(MATERIAL FOR THIS TASK)

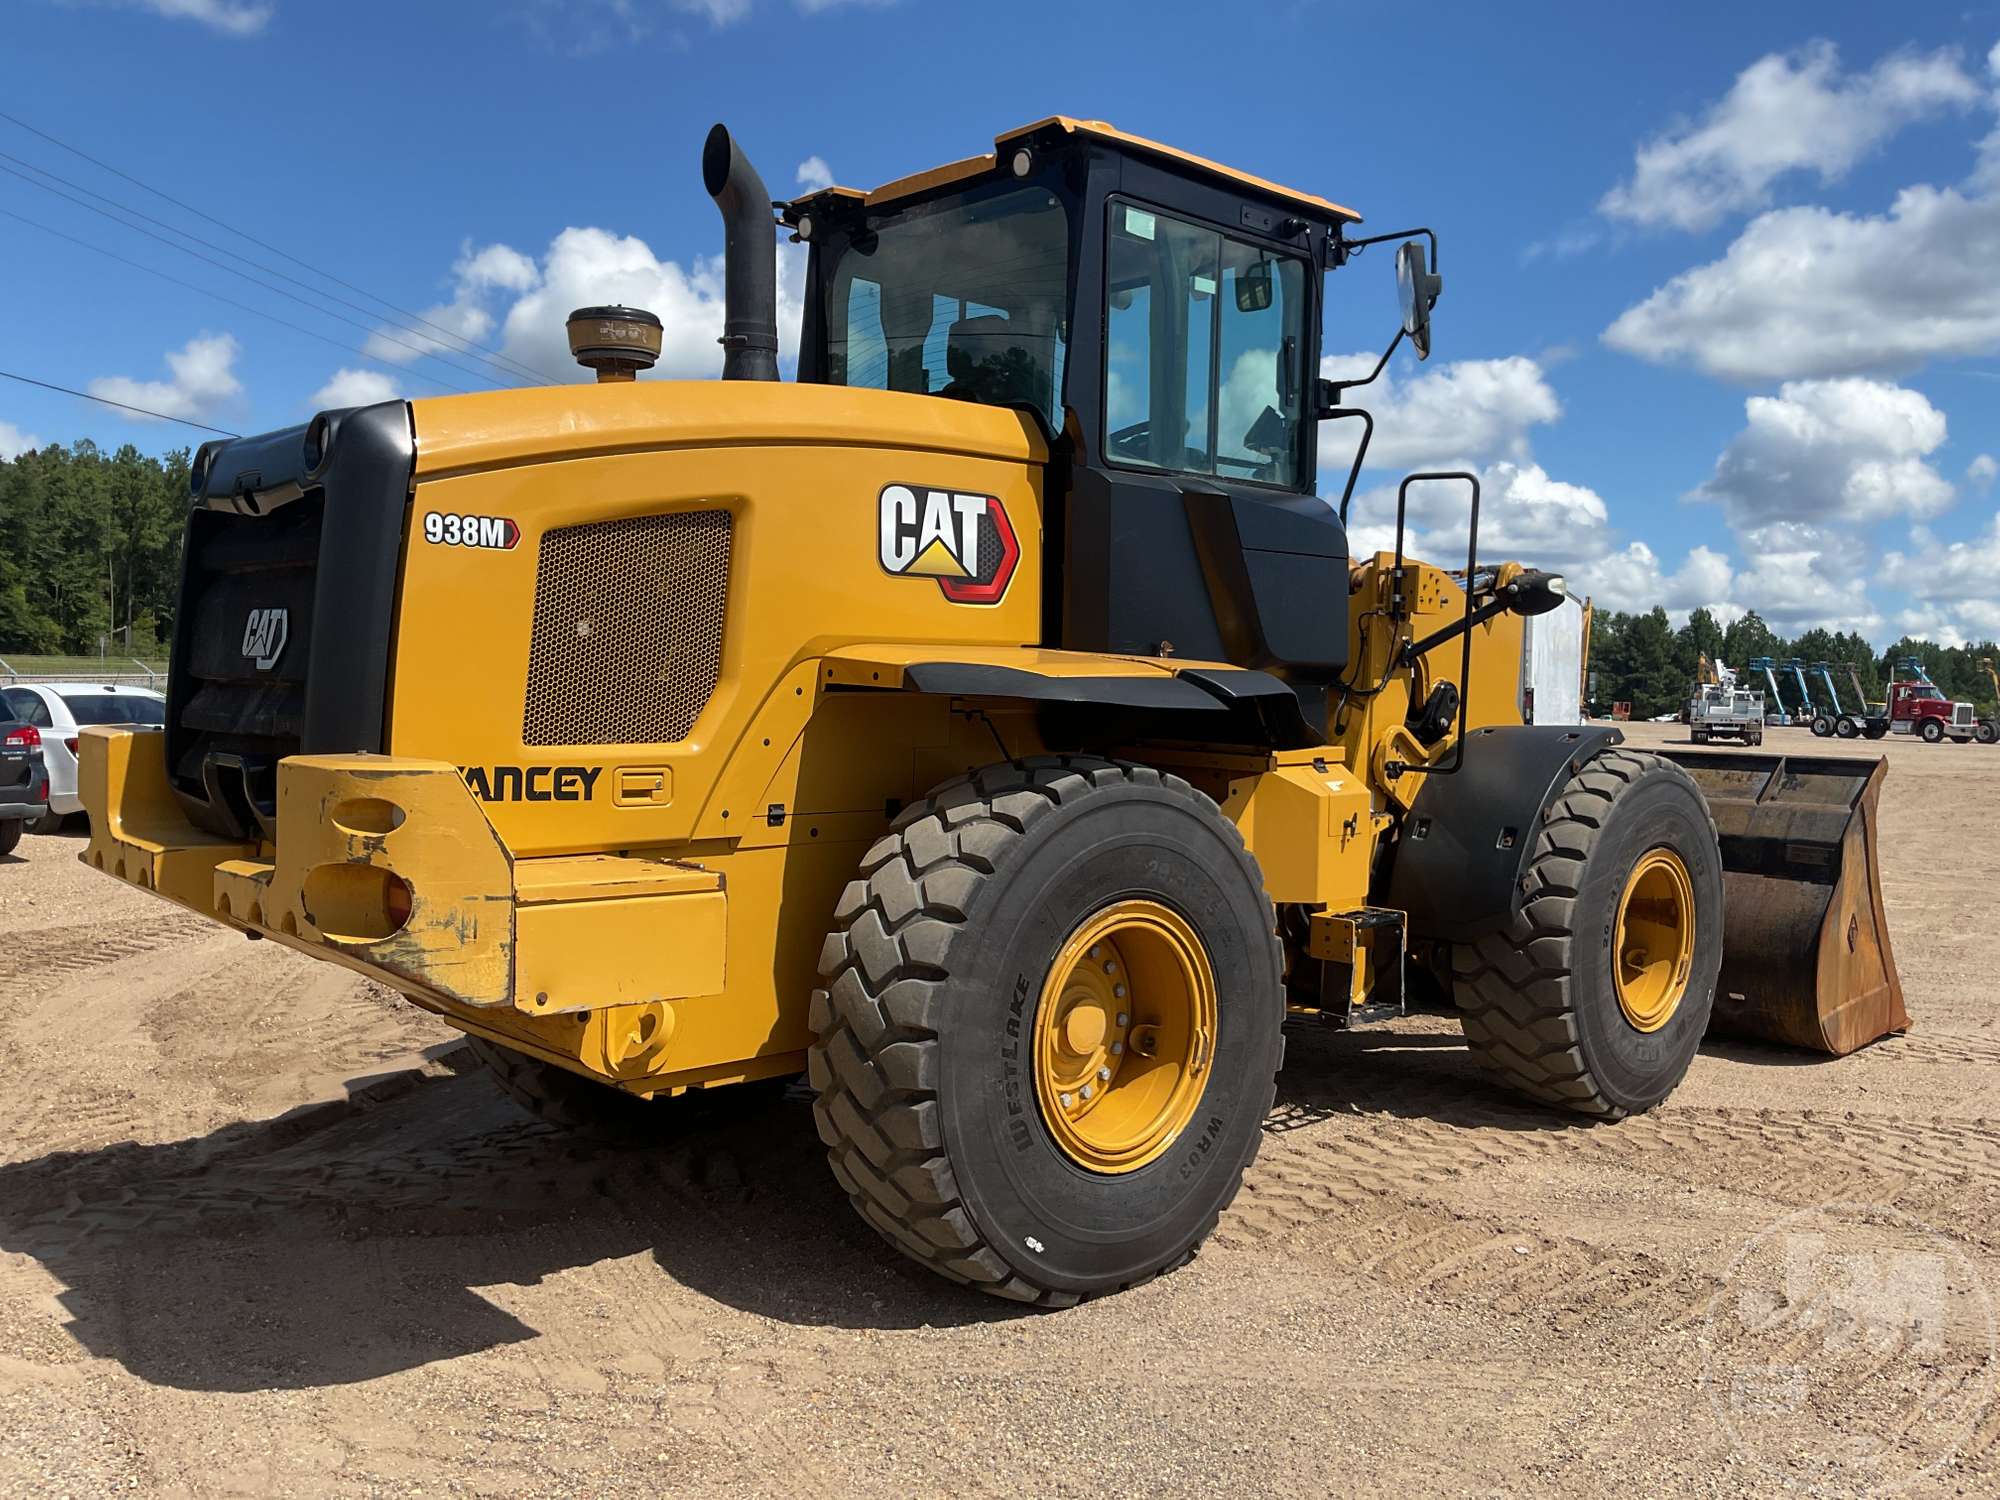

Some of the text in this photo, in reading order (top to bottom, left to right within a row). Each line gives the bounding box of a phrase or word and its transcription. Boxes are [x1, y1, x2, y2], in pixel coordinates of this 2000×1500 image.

[425, 512, 505, 548] 938M
[880, 485, 987, 578] CAT
[242, 608, 283, 657] CAT
[456, 766, 603, 802] ANCEY
[1002, 973, 1034, 1153] WESTLAKE
[1180, 1117, 1224, 1180] WR03

(End MATERIAL FOR THIS TASK)

From the first record to the last, print everything again exactly, without pictures.

**RESPONSE TO THIS TASK**:
Some of the text in this photo, in reading order (top to bottom, left to right within a row). Each line gives the bounding box of a phrase or word and its transcription. Boxes are [x1, y1, x2, y2], in pixel coordinates of this 2000×1500 image.

[425, 512, 505, 548] 938M
[880, 485, 987, 578] CAT
[242, 608, 283, 657] CAT
[456, 766, 603, 802] ANCEY
[1002, 973, 1034, 1153] WESTLAKE
[1180, 1117, 1224, 1180] WR03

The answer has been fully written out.